脊髓性肌萎缩症患儿心功能评估：病例对照研究。

Department of Pediatric Cardiology, Heart Center, The First Affiliated Hospital of Sun Yat-sen University, and NHC Key Laboratory of Assisted Circulation and Vascular Diseases (Sun Yat-sen University), Guangzhou, China.

Department of PICU, The First Affiliated Hospital, Sun Yat-sen University, Guangzhou, China.

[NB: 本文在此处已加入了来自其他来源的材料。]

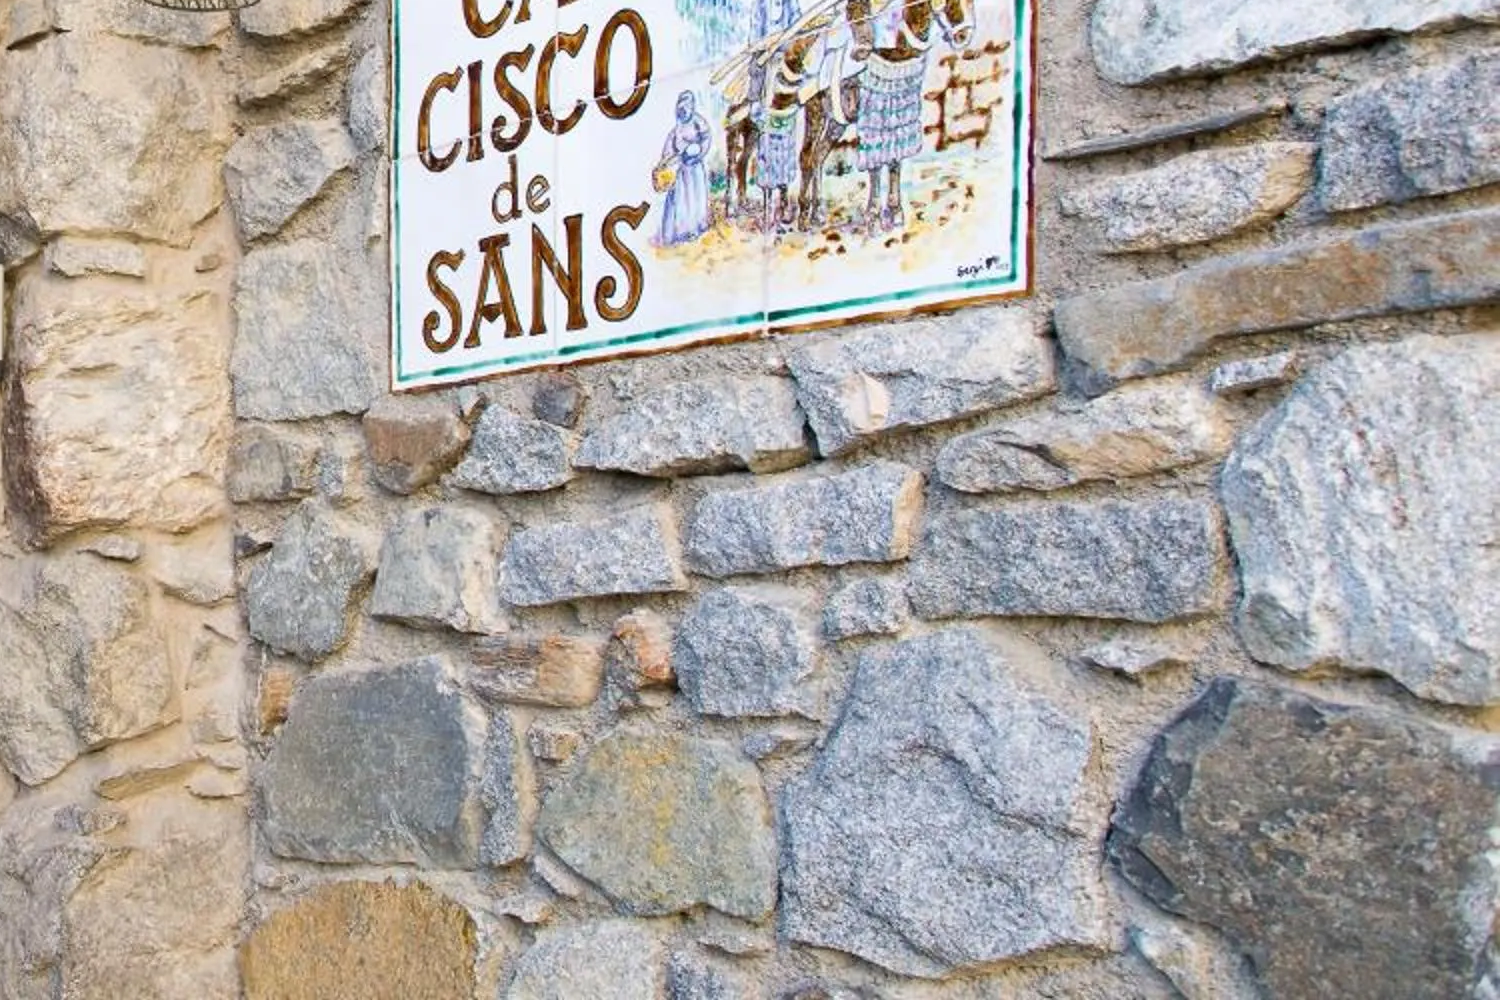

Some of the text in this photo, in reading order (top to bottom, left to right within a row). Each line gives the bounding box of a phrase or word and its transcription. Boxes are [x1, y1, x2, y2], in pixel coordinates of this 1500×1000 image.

Pediatr Int. 2024 Jan-Dec;66(1):e15769. doi: 10.1111/ped.15769.

BACKGROUND

Spinal muscular atrophy (SMA) is an autosomal recessive disorder characterized by degeneration of lower motor neurons, resulting in progressive muscle weakness and atrophy. However, little is known regarding the cardiac function of children with SMA.

METHODS

We recruited SMA patients younger than 18 years of age from January 1, 2022, to April 1, 2022, in the First Affiliated Hospital of Sun Yat-sen University. All patients underwent a comprehensive cardiac evaluation before treatment, including history taking, physical examination, blood tests of cardiac biomarkers, assessment of echocardiography and electrocardiogram. Age/gender-matched healthy volunteers were recruited as controls.

RESULTS

A total of 36 SMA patients (26 with SMA type 2 and 10 with SMA type 3) and 40 controls were enrolled in the study. No patient was clinically diagnosed with heart failure. Blood tests showed elevated values of creatine kinase isoenzyme M and isoenzyme B (CK-MB) mass and high-sensitivity cardiac troponin T (hs-cTnT) in spinal muscular atrophy (SMA) patients. Regarding echocardiographic parameters, SMA children were detected with lower global left and right ventricular longitudinal strain, abnormal diastolic filling velocities of trans-mitral and trans-tricuspid flow. The results revealed no clinical heart dysfunction in SMA patients, but subclinical ventricular dysfunction was seen in SMA children including the diastolic function and myocardial performance. Some patients presented with elevated heart rate and abnormal echogenicity of aortic valve or wall. Among these SMA patients, seven patients (19.4%) had scoliosis. The Cobb's angles showed a significant negative correlation with LVEDd/BSA, but no correlation with other parameters, suggesting that mild scoliosis did not lead to significant cardiac dysfunction.

CONCLUSIONS

Our findings warrant increased attention to the cardiac status and highlight the need to investigate cardiac interventions in SMA children.

背景

脊髓性肌萎缩症（SMA）是一种常染色体隐性遗传病，其特征是下运动神经元退化，导致进行性肌肉无力和萎缩。然而，对于 SMA 患儿的心脏功能知之甚少。

方法

我们招募了 2022 年 1 月 1 日至 2022 年 4 月 1 日期间在中山大学附属第一医院就诊的年龄小于 18 岁的 SMA 患者。所有患者在治疗前均进行了全面的心脏评估，包括病史采集、体格检查、心脏生物标志物的血液检查、超声心动图和心电图评估。年龄/性别匹配的健康志愿者被招募为对照组。

结果

共纳入 36 例 SMA 患者（26 例 SMA 2 型，10 例 SMA 3 型）和 40 例对照组。无患者临床诊断为心力衰竭。血液检查显示 SMA 患者肌酸激酶同工酶 M 和同工酶 B（CK-MB）质量和高敏心肌肌钙蛋白 T（hs-cTnT）升高。在超声心动图参数方面，SMA 患儿的左、右心室整体纵向应变均较低，二尖瓣和三尖瓣跨瓣血流舒张充盈速度异常。结果显示 SMA 患者无临床心脏功能障碍，但可见亚临床心室功能障碍，包括舒张功能和心肌功能障碍。部分患者心率升高，主动脉瓣或瓣环回声增强。在这些 SMA 患者中，有 7 例（19.4%）存在脊柱侧凸。Cobb 角与 LVEDd/BSA 呈显著负相关，但与其他参数无相关性，提示轻度脊柱侧凸不会导致明显的心脏功能障碍。